Personal information
- Full name: Laura May Harris
- Born: 18 August 1990 (age 35) Ipswich, Queensland, Australia
- Batting: Right-handed
- Role: Batter
- Relations: Grace Harris (sister) Delissa Kimmince (wife);

Domestic team information
- 2015/16–2024: Brisbane Heat
- 2016/17–present: Queensland
- 2021: Northern Superchargers
- 2022/23: Wellington
- 2023: Delhi Capitals
- 2023: Welsh Fire
- 2023–2024: Barbados Royals
- 2024: Oval Invincibles
- 2025: Warwickshire
- 2025: Sydney Thunder

Career statistics
| Competition | WLA | WT20 |
| Matches | 66 | 176 |
| Runs scored | 1,216 | 2,081 |
| Batting average | 24.32 | 17.63 |
| 100s/50s | 1/7 | 1/4 |
| Top score | 101 | 102* |
| Catches/stumpings | 36/– | 52/– |
- Source: CricketArchive, 6 August 2025

= Laura Harris (cricketer) =

Australian cricketer

Laura May Harris (born 18 August 1990) is an Australian cricketer who plays as a right-handed batter for Queensland Fire in the Women's National Cricket League (WNCL) and Sydney Thunder in the Women's Big Bash League (WBBL).

== Career ==
She made her Queensland debut in the 2016–17 WNCL. She has played for Brisbane Heat since the inception of the WBBL in 2015 and hit the winning runs in their title wins in both 2018–19 and 2019–20. In 2021, she was drafted by Northern Superchargers for the inaugural season of The Hundred.

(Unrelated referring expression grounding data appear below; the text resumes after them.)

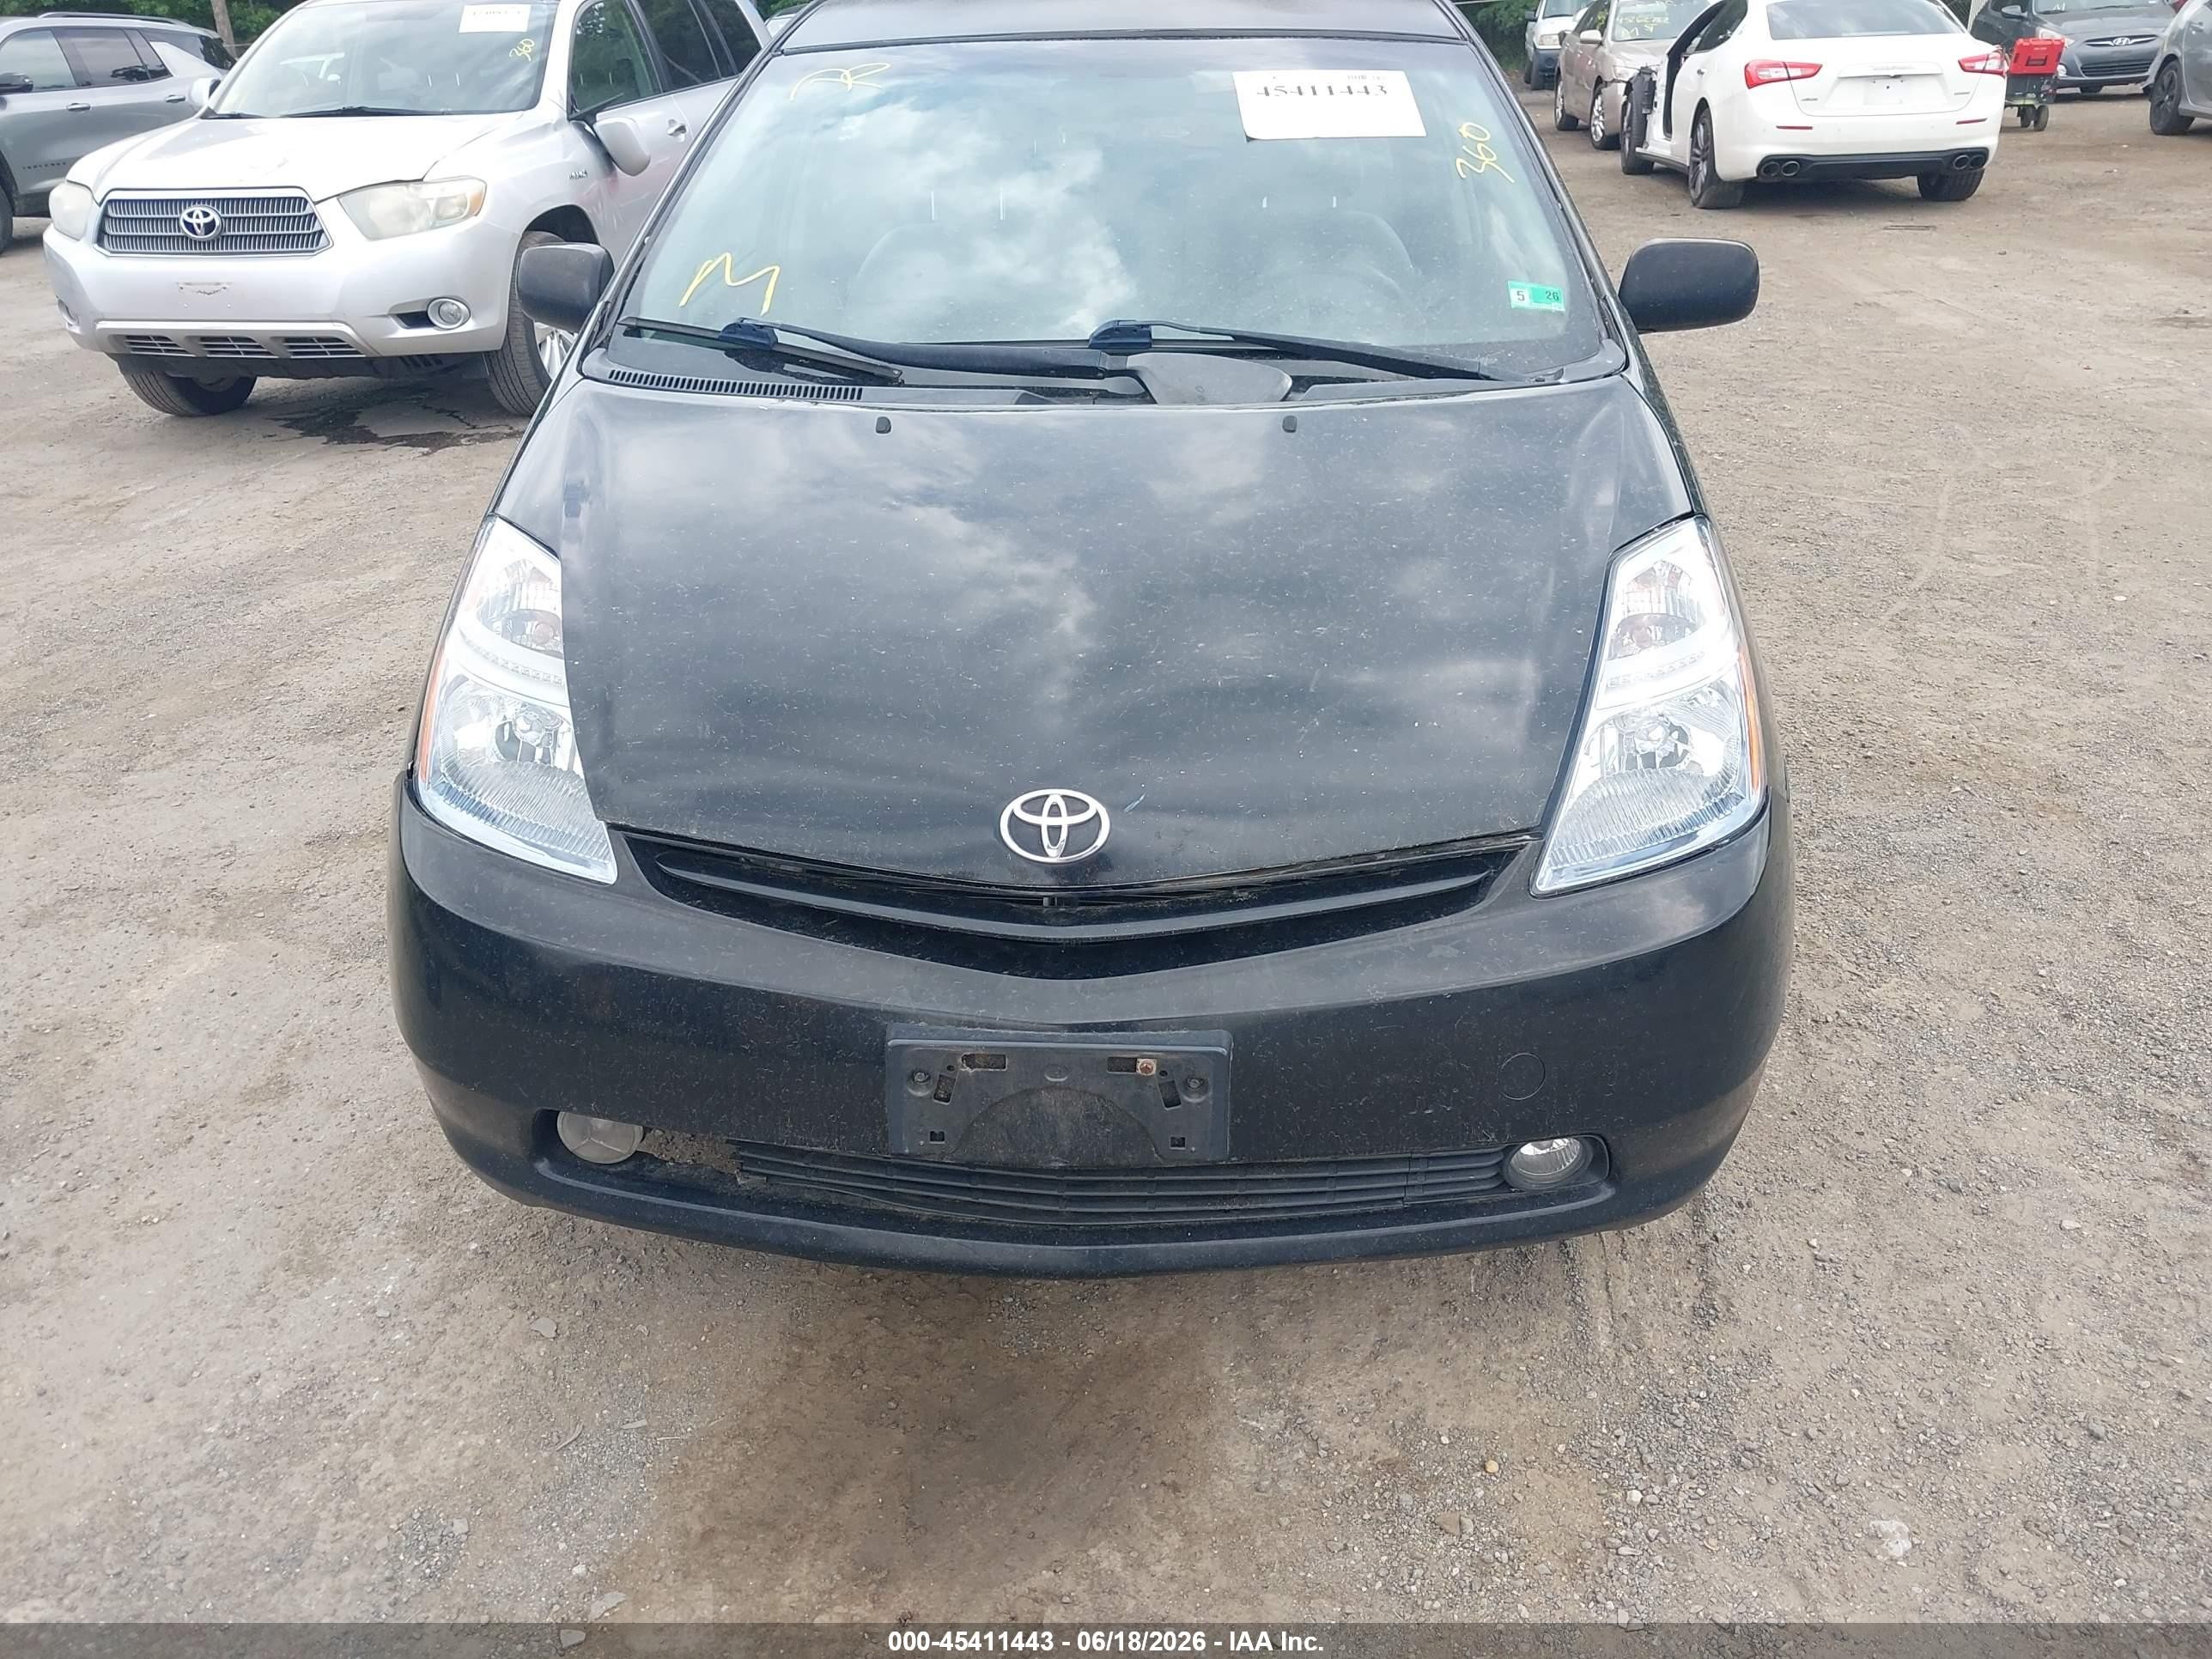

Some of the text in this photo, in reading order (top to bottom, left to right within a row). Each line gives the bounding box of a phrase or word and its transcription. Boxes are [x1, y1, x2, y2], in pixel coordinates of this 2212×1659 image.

[508, 38, 535, 62] 360
[1455, 121, 1516, 183] 360
[678, 252, 781, 317] M
[1516, 290, 1559, 301] 5 26
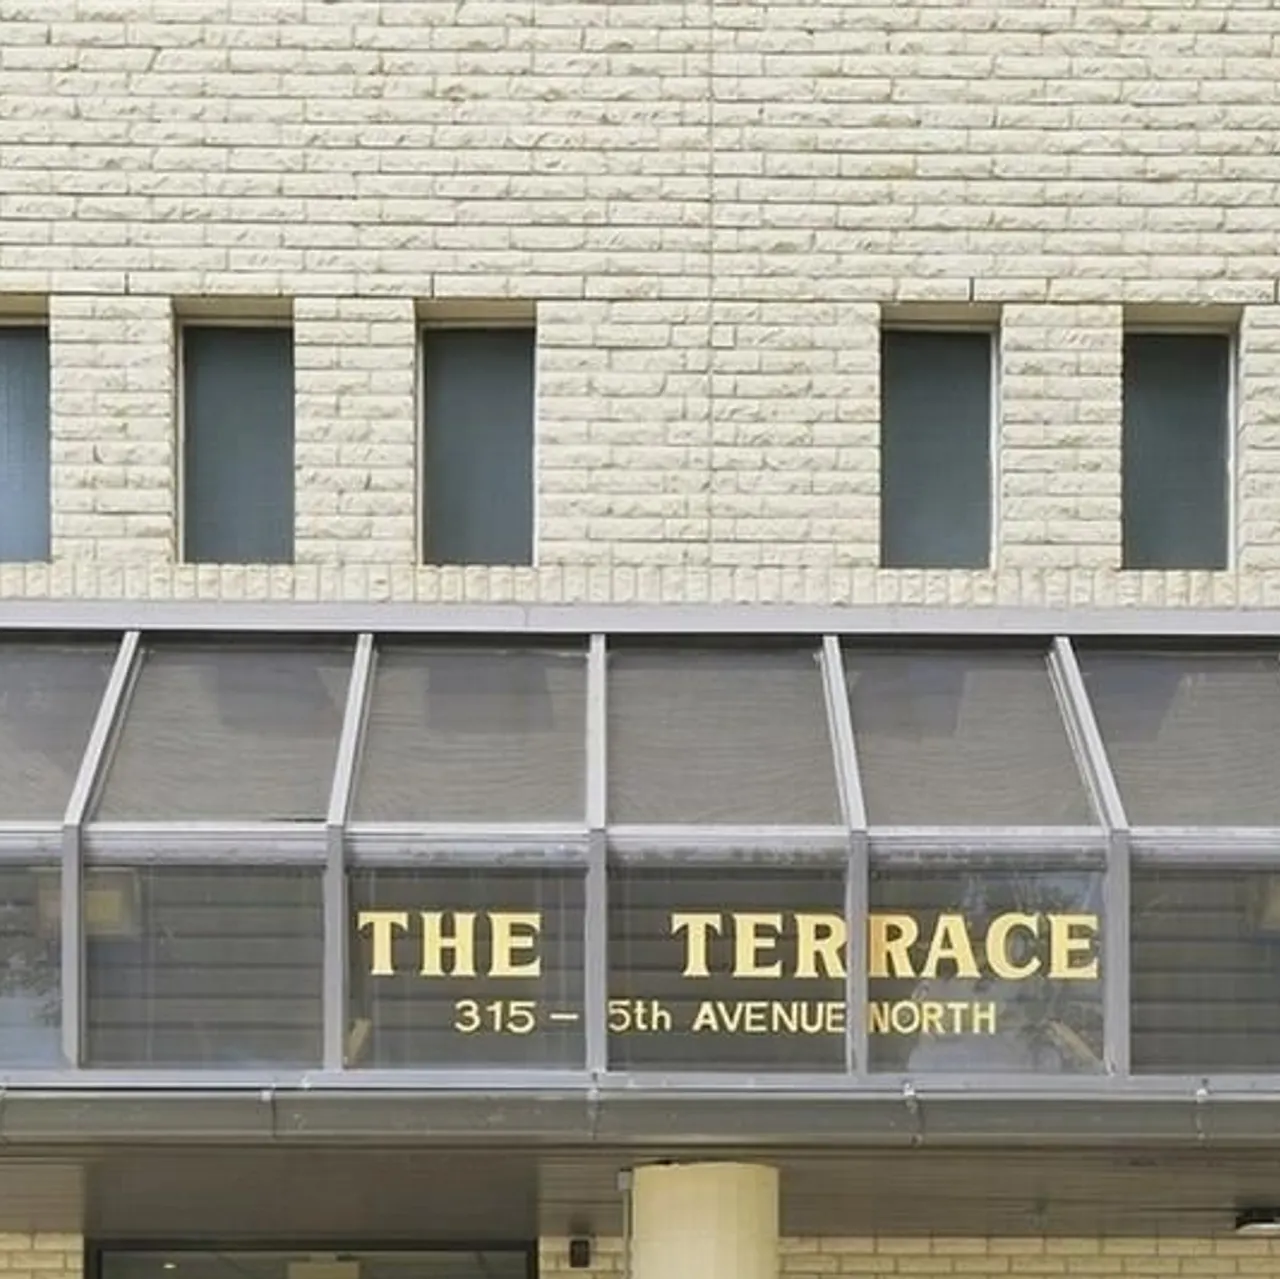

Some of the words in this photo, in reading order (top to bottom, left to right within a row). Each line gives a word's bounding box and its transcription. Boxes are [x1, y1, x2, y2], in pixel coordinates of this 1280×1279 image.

[357, 911, 541, 977] THE
[671, 912, 1099, 978] TERRACE
[454, 1000, 536, 1033] 315
[608, 1000, 671, 1031] 5th
[692, 1001, 847, 1031] AVENUE
[867, 1001, 996, 1033] NORTH
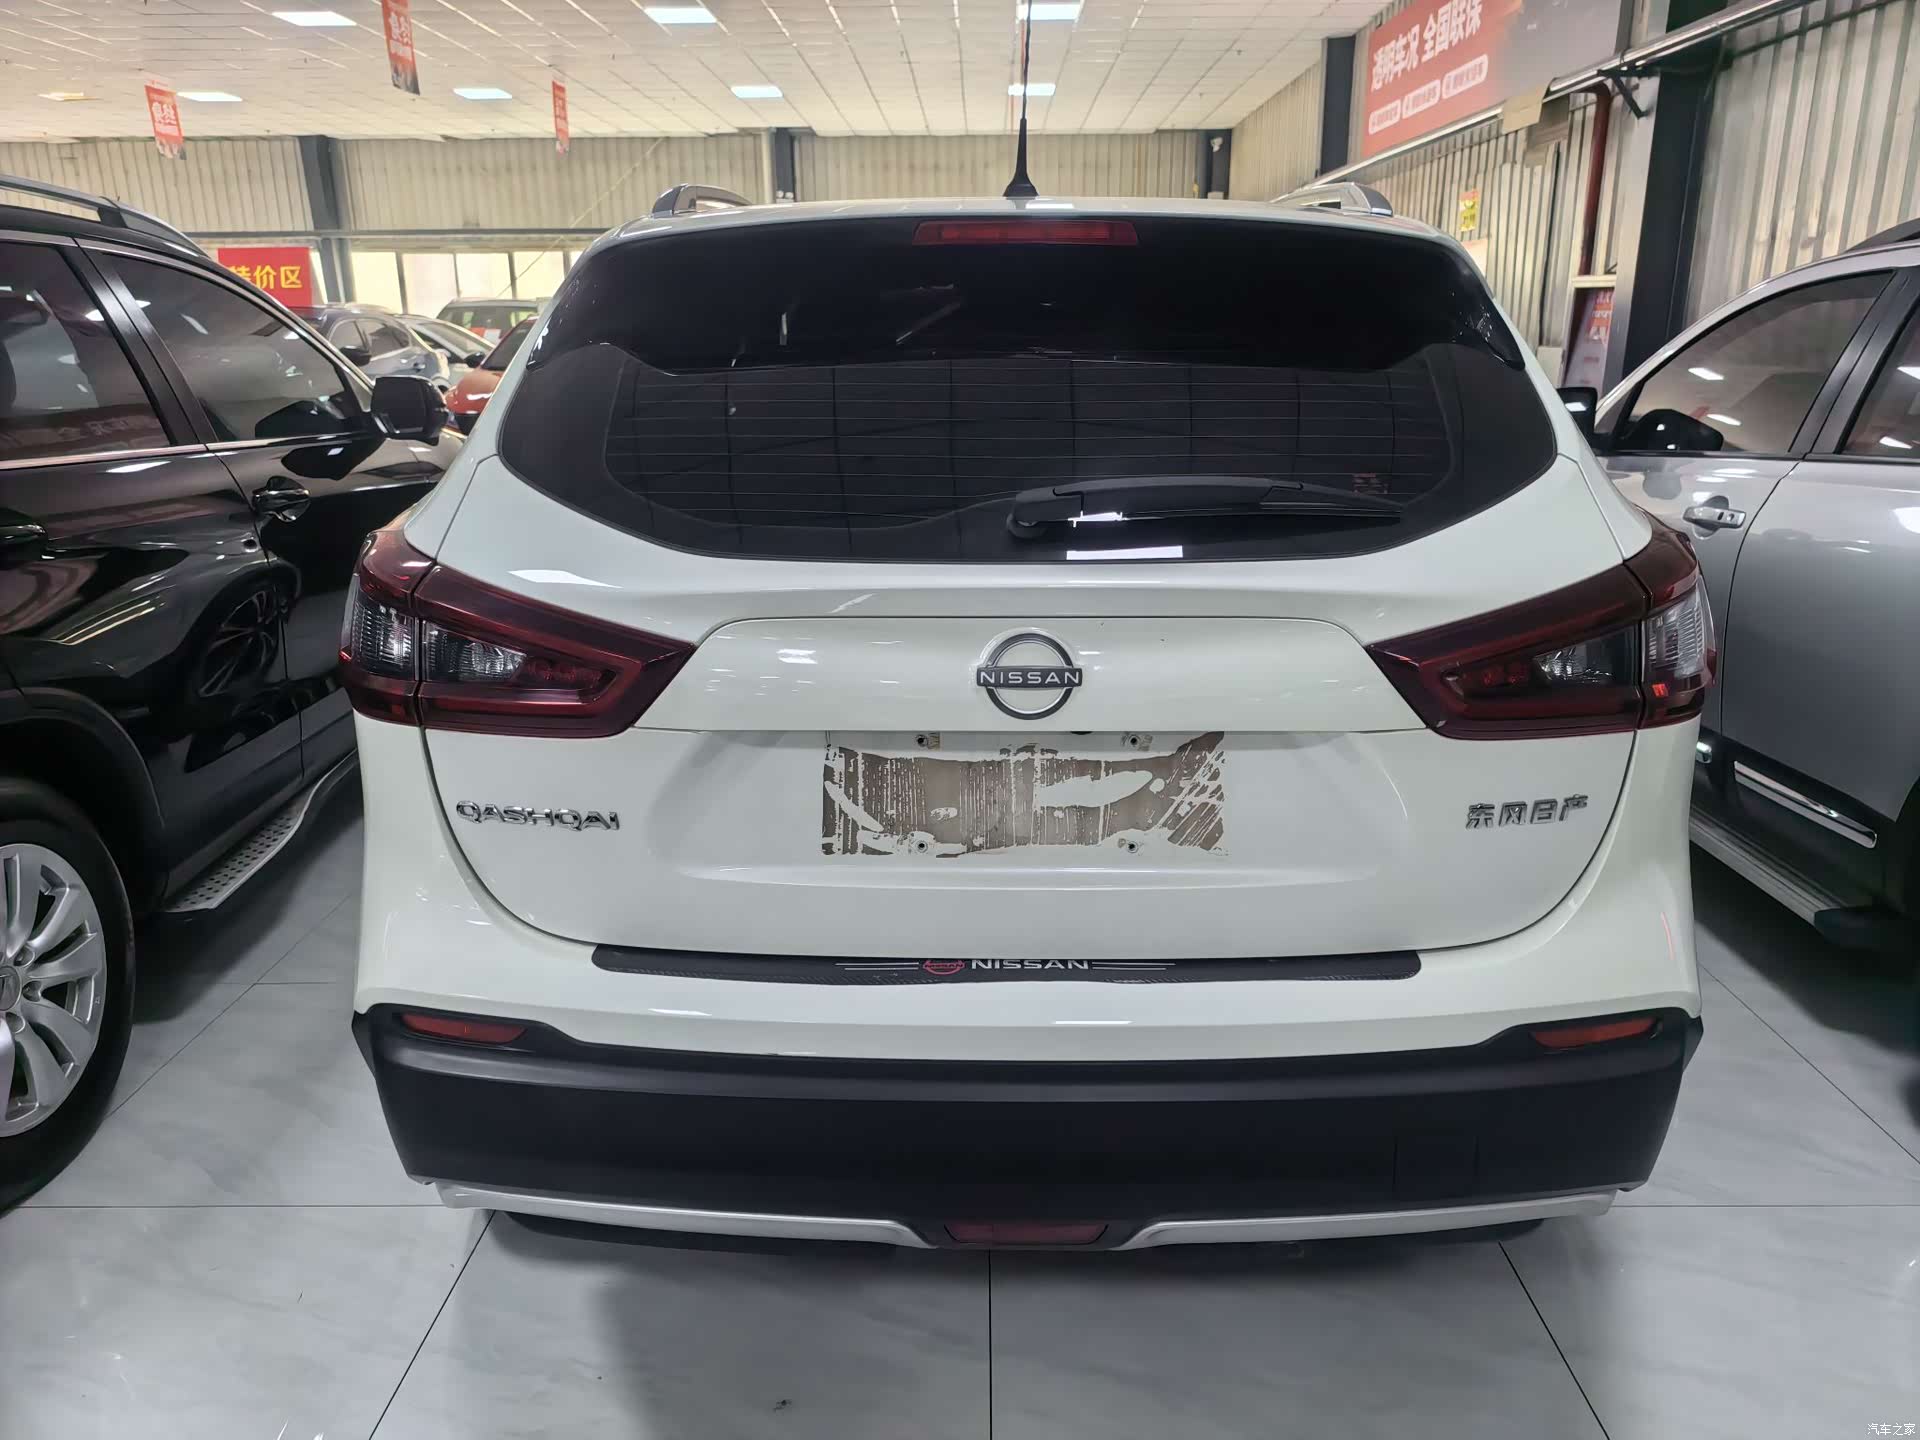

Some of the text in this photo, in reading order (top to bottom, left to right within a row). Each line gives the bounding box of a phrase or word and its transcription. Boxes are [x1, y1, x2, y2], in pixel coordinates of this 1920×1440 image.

[980, 671, 1079, 684] NISSAN
[456, 800, 620, 831] QASHQAI
[1465, 794, 1589, 829] 东风日产
[971, 959, 1088, 970] NISSAN

She played for them in six games and scored 61 runs in total. In January 2023, she signed for Wellington Blaze for the remainder of the 2022–23 Super Smash.

==Personal life==
Harris's younger sister is fellow Brisbane Heat cricketer Grace Harris. In November 2019, she proposed to her Brisbane Heat teammate Delissa Kimmince, after dating for four years. They married in Marburg, Queensland in August 2020. Harris has worked as a nurse when not playing cricket.